What Love Looks Like

It starts with Love with a capital L, hugs, kisses, hearts aflutter, can't get him (or her) of the mind, romance.  Young love, the kind of love one thinks will last forever.  I know that happened with my parents because I can see it in their eyes in photographs.

That love lasts for a few months -- or years, if a couple is lucky.  The romance dwindles and then love begins to become a steady sureness.  Happy moments and sparks of romance may continue.

Then there are three children and he and she are both tired nearly all the time.  He works turns at a steel mill, sometimes 12 hours a day, five or six days a week.  She soldiers on alone at home, keeping the home in order, the children clean and fed.  Both fall into bed exhausted.  You can see the exhaustion in their eyes.  Does love still exist?

By the time I was old enough to have an idea what love was I was certain my parents were not in love.  I didn't see them hug or kiss.  I didn't see them have conversations.  And I was fairly certain that they didn't even love each other. 

What a child knows about love comes from movies, books, and the imagination.  What married couples know about love comes from a lifetime of living together and caring for each other.  Quiet acts of selfless service, choosing forgiveness instead of offense, seeing the best in the other while ignoring (or trying to ignore) the worst, working together toward mutual goals, choosing unity over self.  One doesn't know how much work a marriage takes until married.

As an adult I know the things I saw as a child were evidence of my parents' love for each other.
  • Dad working at a hard and tiring job in a steel mill plus several other jobs to provide for his family.
  • Mom working to keep a clean and organized home and neat, tidy, well-behaved children.
  • Dad and Mom working together to live within a budget and also set aside a little for savings.
  • Dad making repairs and improvements at home, making sure everything worked.
  • Mom planning and preparing healthy and nutritious meals, packing lunches for Dad.
  • Dad always opening the car door for Mom.
  • Mom washing and carefully folding Dad's clothes and putting them away.
  • Mom and Dad both spoke quietly to each other, as far as I remember.
  • They worked together on home improvement projects without quarreling.

My parents had been married nearly 49 years when my father died.  My mother was disconsolate and, I think, felt desolate.  My father had taken care of her in many ways, while she took care of him in other ways.  Both his care for her was gone and her ability to care for him was unneeded.  I think she mourned the rest of her life.

What does love look like?  It has so many faces, from the hearts-aflutter times, through the exhaustion and the challenges of raising and providing for a family, all the way to quiet knowledge of loving and being loved by one's spouse.  I saw what love looks like with my parents.  I just didn't realize it till I was an adult.

The day's almost over but I'd like to wish you a Happy Valentine's Day.

I'm sharing this post as part of Amy Johnson Crow's 2019 version of 52 Ancestors.  The post topic for the week was "Love."

And I'm linking this post to The Genealogy Blog Party Stories of Love at My Descendant's Ancestors.  Thanks for hosting, Elizabeth.


Copyright ©2018-2019, Nancy Messier.
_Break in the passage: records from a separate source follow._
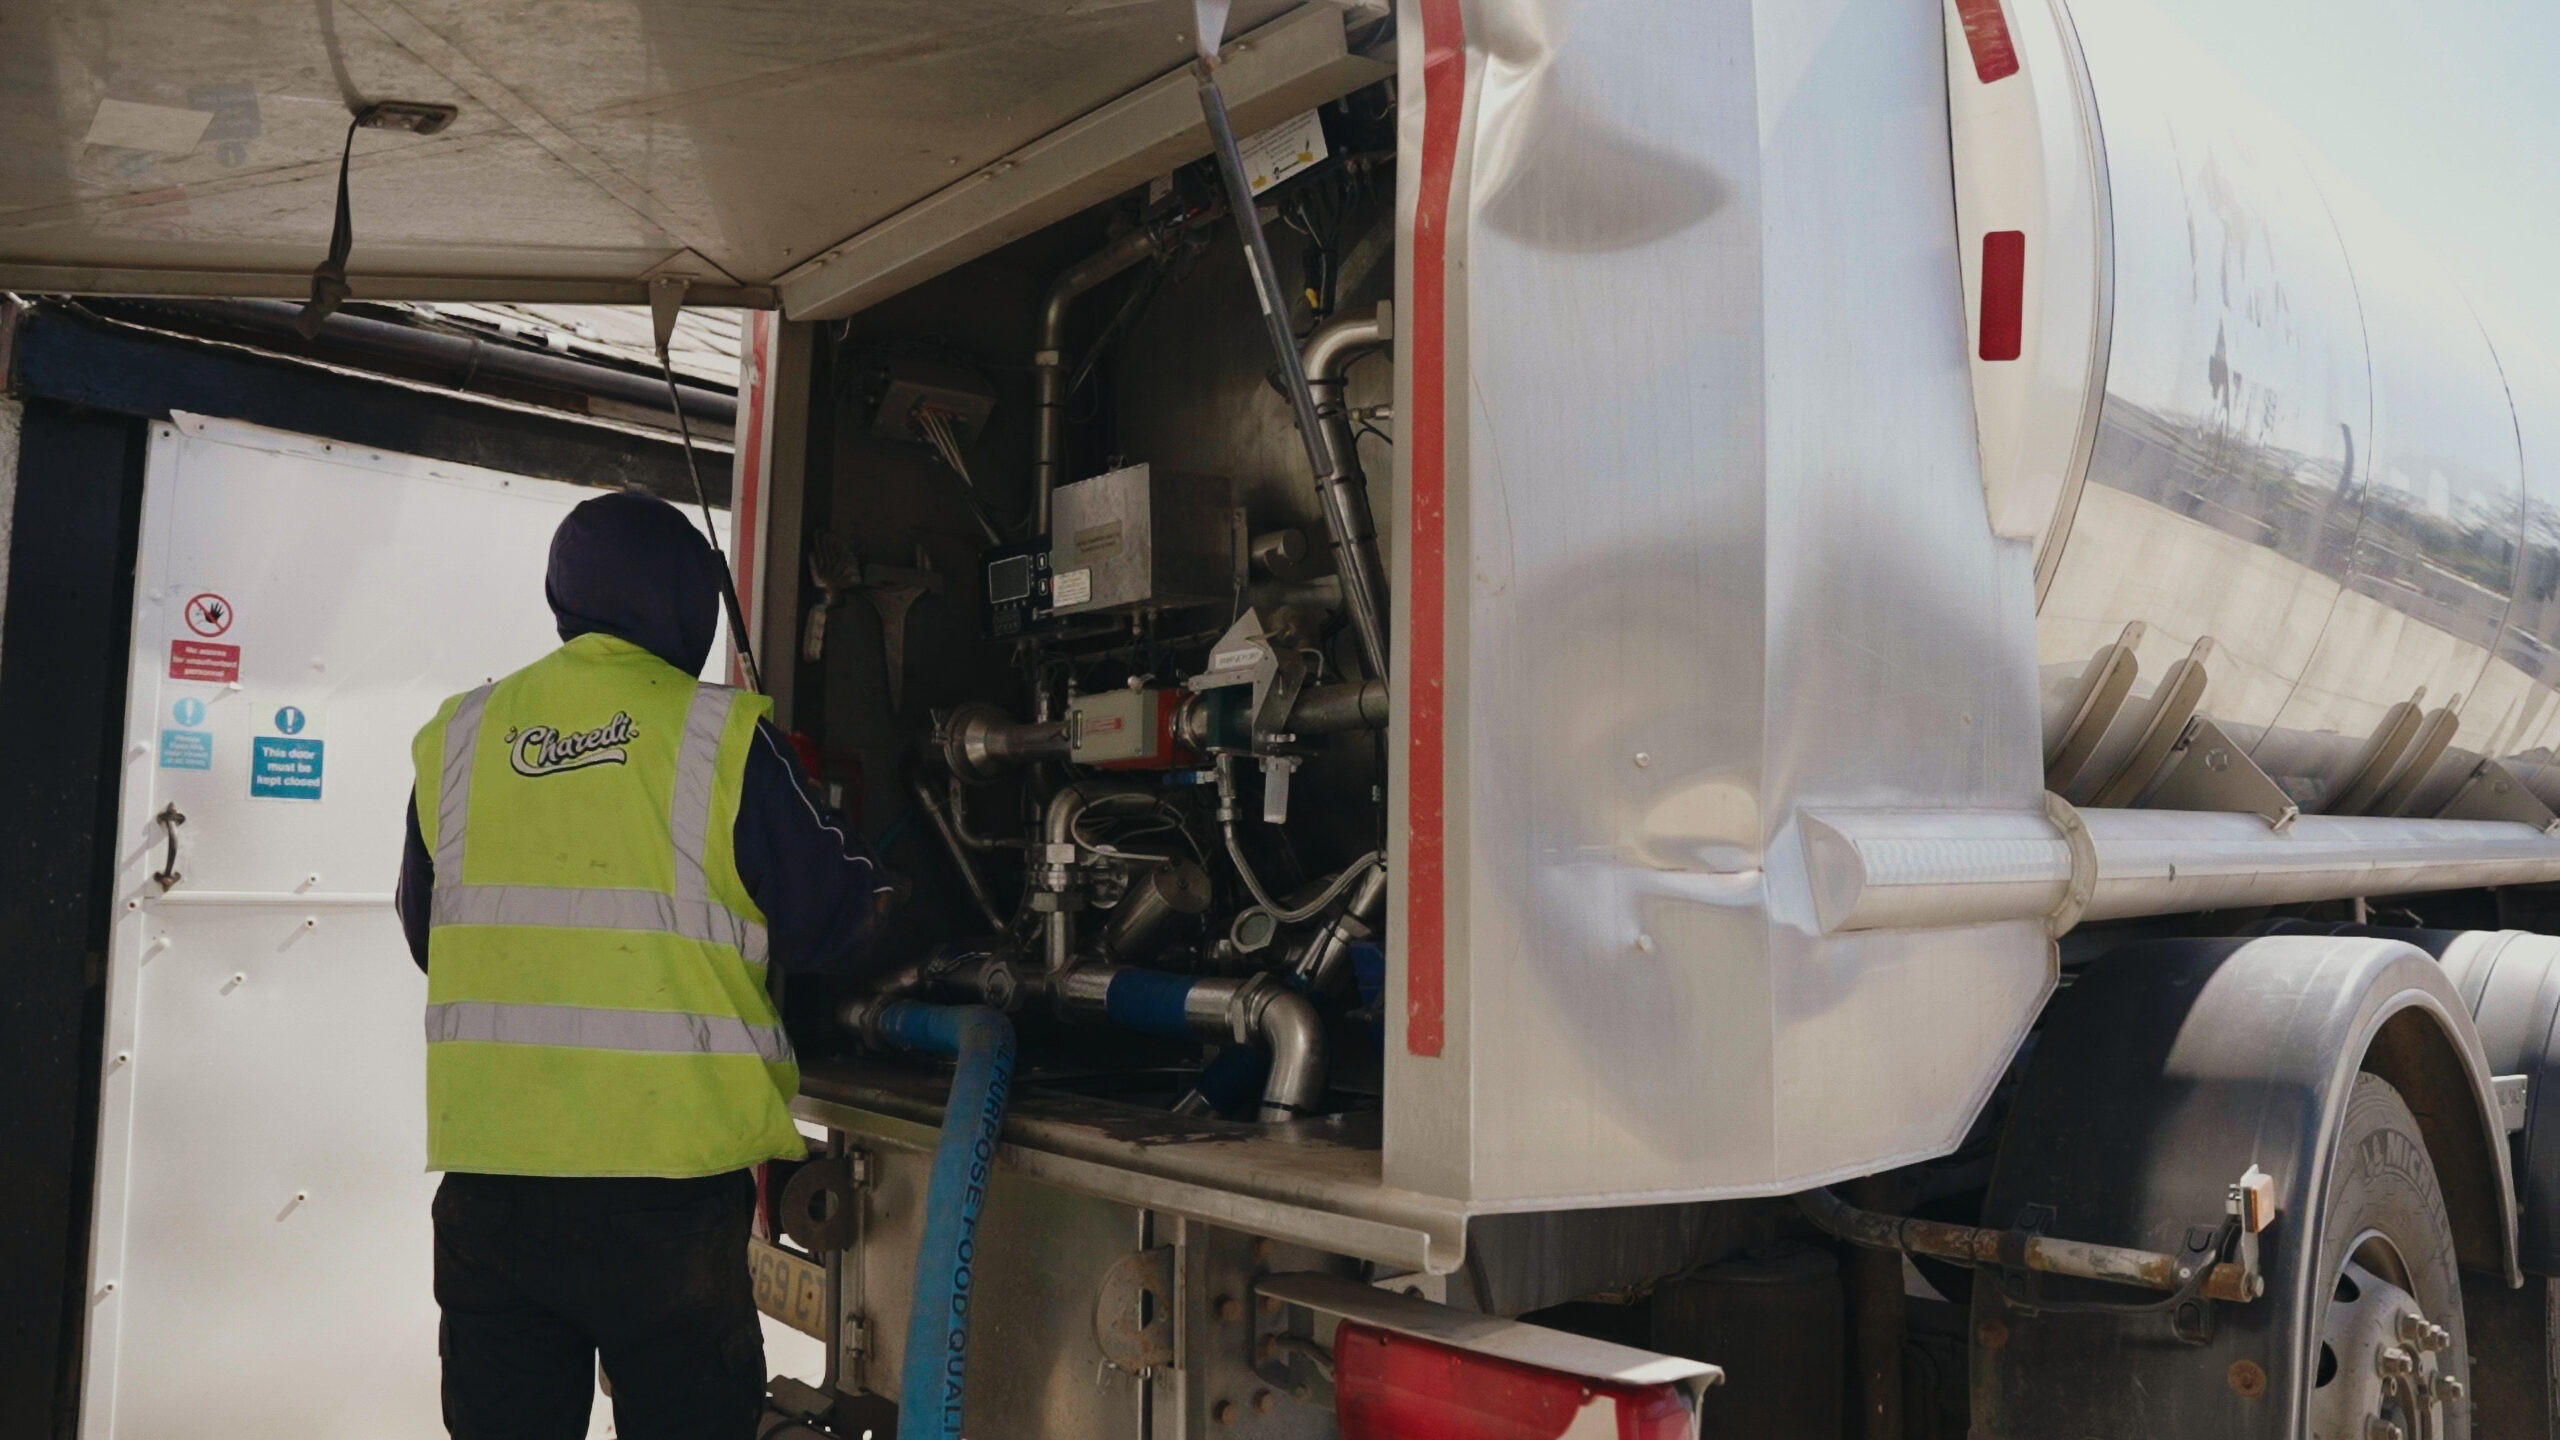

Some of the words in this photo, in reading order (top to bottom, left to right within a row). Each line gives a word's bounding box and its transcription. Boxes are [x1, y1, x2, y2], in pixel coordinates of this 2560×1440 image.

[262, 746, 287, 759] This
[288, 747, 316, 760] door
[511, 711, 632, 777] Charedi
[256, 775, 282, 787] kept
[283, 776, 320, 787] closed
[267, 762, 296, 772] must
[297, 762, 312, 773] be
[965, 1064, 1008, 1208] PURPOSE
[952, 1216, 975, 1316] FOOD
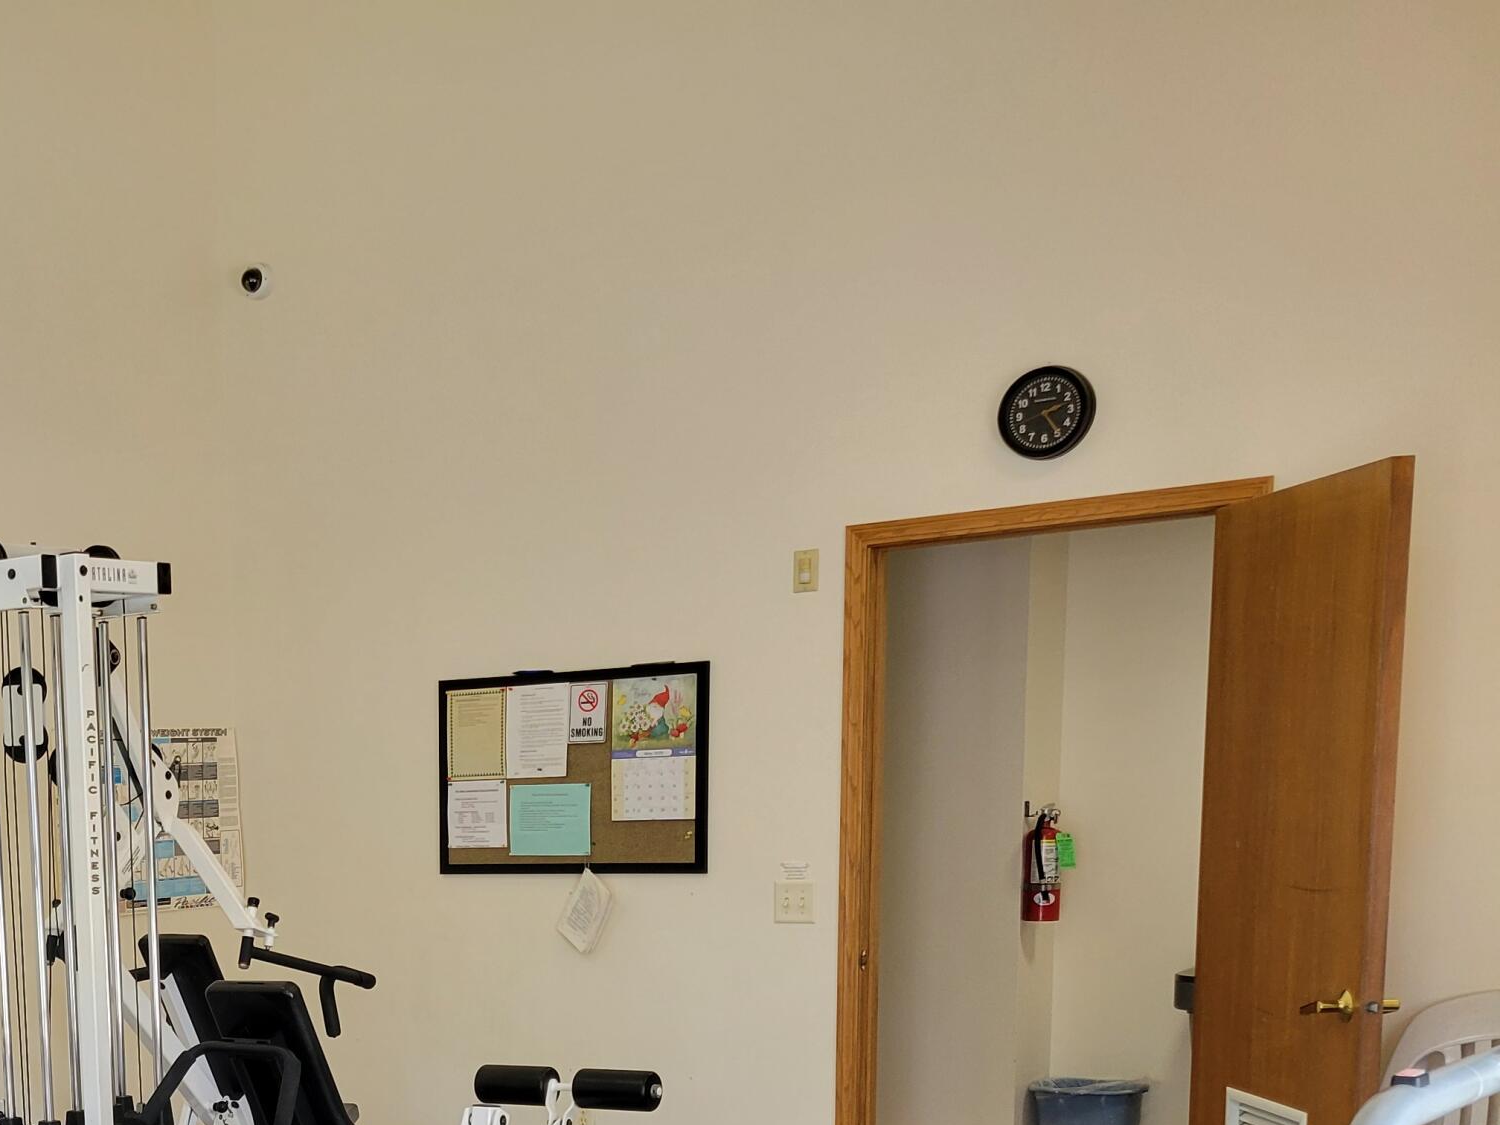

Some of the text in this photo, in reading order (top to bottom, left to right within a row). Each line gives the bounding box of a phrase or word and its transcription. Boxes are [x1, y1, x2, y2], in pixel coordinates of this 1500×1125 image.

[1040, 382, 1050, 392] 12
[1056, 384, 1061, 392] 1
[1028, 388, 1037, 398] 11
[1064, 392, 1071, 401] 2
[1018, 400, 1028, 409] 10
[1067, 404, 1074, 413] 3
[1016, 412, 1023, 422] 9
[1063, 418, 1071, 426] 4
[1019, 424, 1026, 434] 8
[1028, 432, 1035, 442] 7
[1040, 434, 1048, 443] 6
[91, 566, 126, 582] ATALINA
[582, 716, 592, 726] NO
[192, 728, 228, 736] SYSTEM
[570, 727, 603, 738] SMOKING
[86, 709, 100, 896] PACIFIC FITNESS
All Rights Reserved.


  1. What a fantastic tribute to your parents and your words are so true.

    1. Thank you, Linda. Thanks, too, for including this in your weekly list of posts.

  2. What a beautiful post! It made me tear up while reading, very moving!

  3. Thanks for this reminder that love comes in different ways and is expressed differently by each partner. You are so blessed to have seen this example right before your eyes.

    1. Thank you, Robin. I saw the example but it took me years to realize it was love I was seeing.

  4. Nancy, thanks for sharing such a personal and loving story. Love is certainly more than movies show us. It is 'what happens next' after the credits roll at the end of a movie that counts. Raising children and supporting each other might not be fireworks & rainbows but it is true love.

    1. You're welcome, Colleen. And thank you for your kind comments.

  5. I was moved by your tribute to the love your parents shared.

  6. A timely reminder. I think it is easy not to see "love" as we get older we begin to appreciate it is so much more than we can see. I supppose wisdom comes with age.

    1. Thank you, Sandra. I agree that we sometimes don't see love but only recognize it later.